RALPH'S BREAD 
2 c. starter, see recipe below
1 c. milk
1/4 c. vegetable oil
1 tsp. sugar
1/4 c. molasses
3-4 c. unbleached flour
1 c. more or less whole wheat or rye flour
1 handful oatmeal

Put starter into large bowl. Add sugar and 1/2 cup flour. Mix well. Let sit for 1 hour. Meanwhile heat milk and vegetable oil until just warm. Mix milk mixture with starter. Add molasses, oats, wheat or rye flour and enough unbleached flour to make a soft dough. Mix well. Leave in large bowl to rise until double, about 1-2 hours. (Place bowl in warm, draft free spot, not hot, cover with a towel or plastic.)

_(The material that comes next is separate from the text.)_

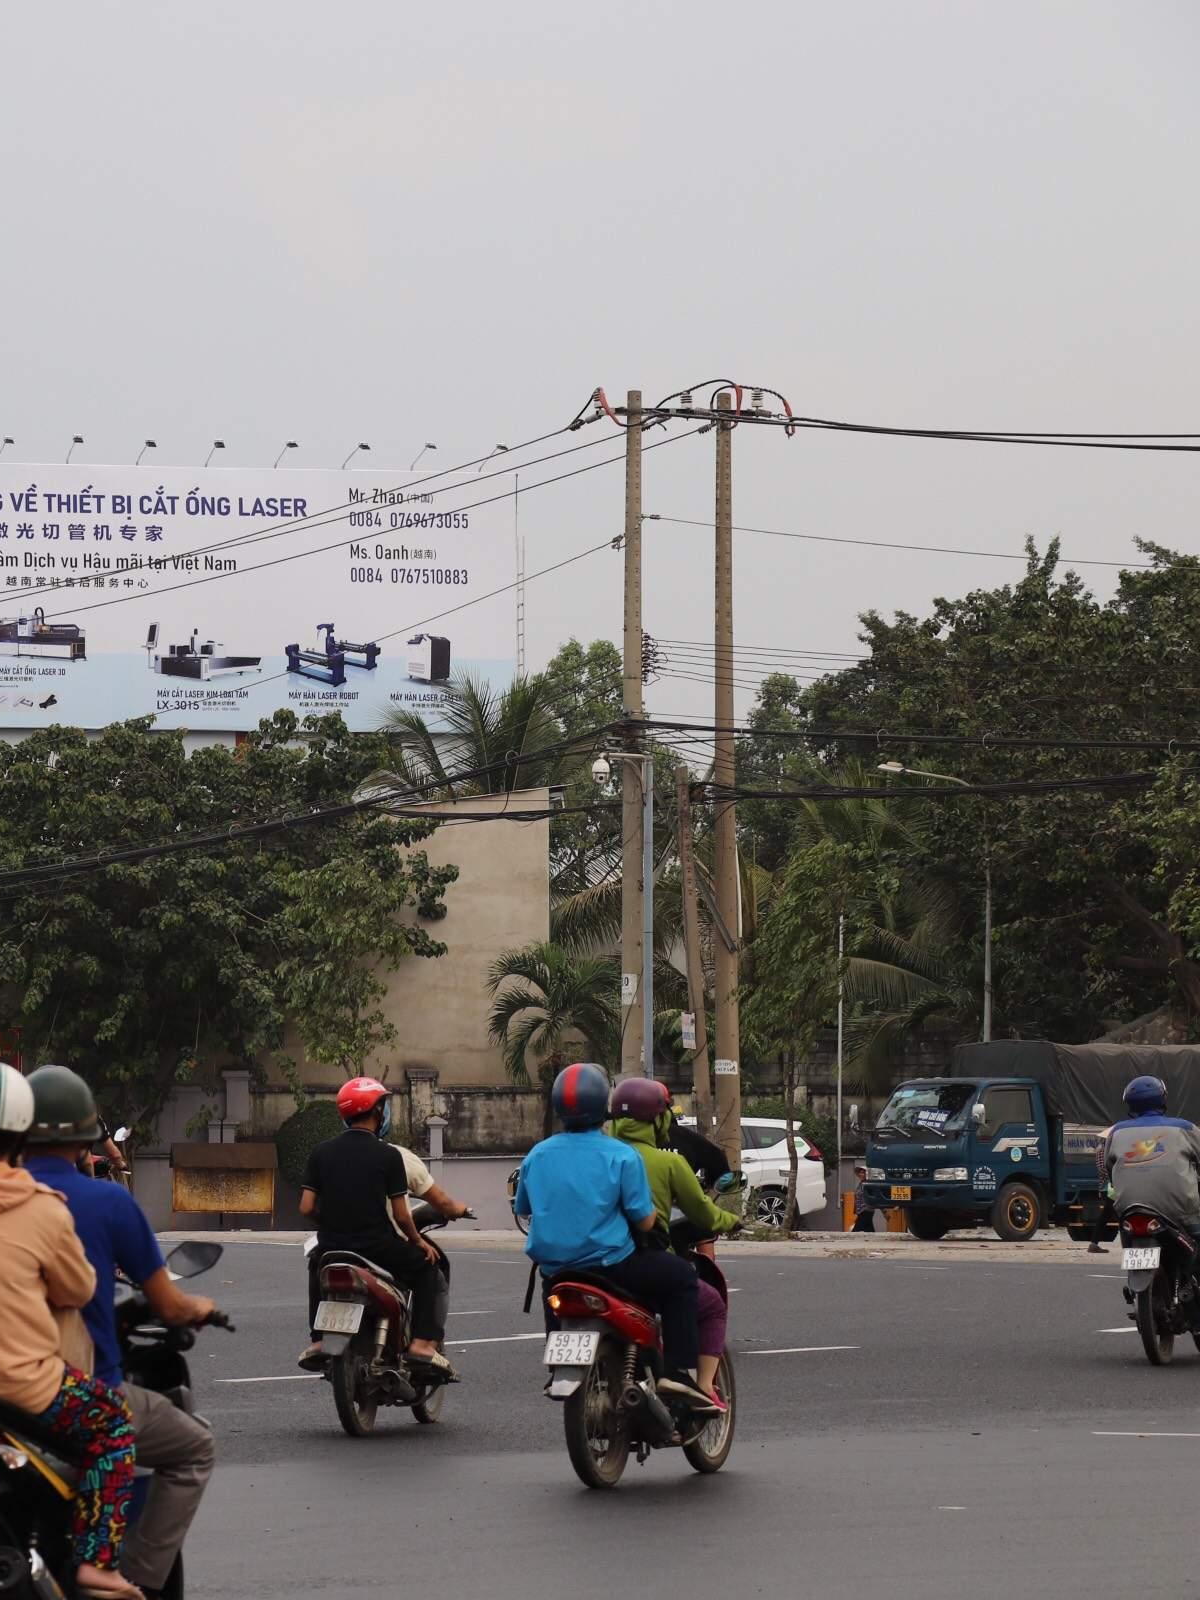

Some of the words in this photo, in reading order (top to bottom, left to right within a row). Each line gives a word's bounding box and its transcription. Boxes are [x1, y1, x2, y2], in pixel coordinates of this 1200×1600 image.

When double, punch down and turn out onto a floured area to knead. Knead in enough remaining flour to make a dough stiff enough not to stick to hands and that will spring back when pushed with finger. Divide into 2 pieces and place in 2 greased bread pans. Grease tops of loaves. Let rise until nearly double. Place in preheated 375 degree oven. Bake 3/4 hour or until bottom of loaf sounds hollow. Diced onions, garlic, herbs, or cheese may be added to dough for added flavor.

STARTER:

2 c. warm water, can be water from potatoes
3 c. flour
1 pkg. yeast, use only when starting
1 tbsp. sugar

Mix all together in large covered container. It will bubble up into double or more. (Two cups of starter can be used in place of yeast in bread making.) Leave on counter top until bubbly. Store in refrigerator. Starter will keep for about 10 days without feeding. When you use 2 cups, replace the amount used to keep starter going. If a sourdough starter is wanted, leave on counter until mixture sours then refrigerate. If not used weekly throw 2 cups starter away and add new flour, water and sugar to feed and keep going.